Experiment made on the mummy

As documented in David M. Friedman’s The Immortalists: Charles Lindbergh, Dr. Alexis Carrel, and Their Daring Quest to Live Forever, Lindbergh and Carrel considered the human body a living machine made of replaceable parts. A major reason why Carrel was interested in developing and refining equipment to perfuse isolated organs is because he believed that this would allow damaged tissue to be repaired outside of the body and ultimately substitute new organs for diseased organs. His ultimate objective was to conquer death itself.

In The Immortalists, Friedman writes about one experiment that should leave no doubts about Carrel’s personal commitment to the scientific conquest of death. When Lindbergh supervised the packing of Carrel’s property after his death they found:

..a 3,000-year-old Egyptian mummy the surgeon had tried to revivify  in 1925. (“A small hole was made in the abdomen of the mummy about 3 cm. from the right iliac spine. The skin was hardened and very tough,” Carrel wrote of his failed experiment.)

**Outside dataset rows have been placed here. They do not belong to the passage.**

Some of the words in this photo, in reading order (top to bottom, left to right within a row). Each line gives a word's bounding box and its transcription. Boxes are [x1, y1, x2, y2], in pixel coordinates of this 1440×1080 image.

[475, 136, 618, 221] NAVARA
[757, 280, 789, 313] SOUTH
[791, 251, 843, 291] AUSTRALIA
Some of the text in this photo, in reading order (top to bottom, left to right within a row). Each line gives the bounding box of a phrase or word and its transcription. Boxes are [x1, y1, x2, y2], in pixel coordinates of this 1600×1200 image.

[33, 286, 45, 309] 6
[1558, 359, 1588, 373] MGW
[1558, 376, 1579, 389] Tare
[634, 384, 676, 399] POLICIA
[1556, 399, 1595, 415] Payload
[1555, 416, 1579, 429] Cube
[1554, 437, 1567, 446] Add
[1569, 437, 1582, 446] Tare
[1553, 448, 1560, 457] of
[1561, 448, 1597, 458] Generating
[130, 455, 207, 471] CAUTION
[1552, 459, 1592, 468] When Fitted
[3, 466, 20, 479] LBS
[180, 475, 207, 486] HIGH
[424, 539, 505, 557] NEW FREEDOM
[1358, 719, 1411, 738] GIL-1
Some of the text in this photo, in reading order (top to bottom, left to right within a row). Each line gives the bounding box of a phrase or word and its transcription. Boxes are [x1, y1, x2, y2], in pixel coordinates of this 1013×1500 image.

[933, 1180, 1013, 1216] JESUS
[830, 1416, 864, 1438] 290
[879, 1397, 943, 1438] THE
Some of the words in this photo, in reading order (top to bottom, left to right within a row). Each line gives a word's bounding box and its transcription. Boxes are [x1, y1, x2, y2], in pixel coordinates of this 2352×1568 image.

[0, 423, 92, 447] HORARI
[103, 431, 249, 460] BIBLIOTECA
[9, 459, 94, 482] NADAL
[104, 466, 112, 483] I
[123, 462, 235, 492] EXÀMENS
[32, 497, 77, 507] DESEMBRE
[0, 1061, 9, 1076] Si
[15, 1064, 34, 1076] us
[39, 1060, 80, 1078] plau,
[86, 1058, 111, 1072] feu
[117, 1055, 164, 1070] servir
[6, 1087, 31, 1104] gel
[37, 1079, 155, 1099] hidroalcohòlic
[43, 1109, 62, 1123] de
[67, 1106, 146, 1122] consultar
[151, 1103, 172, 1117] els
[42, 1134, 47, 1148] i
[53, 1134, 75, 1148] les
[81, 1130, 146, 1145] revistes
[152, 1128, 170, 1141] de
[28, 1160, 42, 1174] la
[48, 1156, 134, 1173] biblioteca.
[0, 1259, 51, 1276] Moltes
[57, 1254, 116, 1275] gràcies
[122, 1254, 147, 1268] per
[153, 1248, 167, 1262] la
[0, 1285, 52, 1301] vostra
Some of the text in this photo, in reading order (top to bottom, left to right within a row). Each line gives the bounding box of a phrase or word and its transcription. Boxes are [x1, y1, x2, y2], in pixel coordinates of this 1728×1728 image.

Without seeing the complete notes of these experiments, it is not possible to say what Carrel’s  specific intentions were. Although our knowledge about the ultrastructural effects of different preservation techniques has greatly improved since Carrel lived, it is hard to imagine that a  brilliant scientist like Carrel seriously believed in resuscitation of the 3,000-year-old Egyptian mummy. Perhaps his objective was more modest and involved recovery of material for cell and tissue experiments, an objective that would not have been unrealistic considering the recent reported findings of clonable DNA in an Egyptian mummy.

Carrel’s notes of this experiment, called “Experiment Made on the Mummy,” are included with his papers which remain at Georgetown University’s library in Washington DC.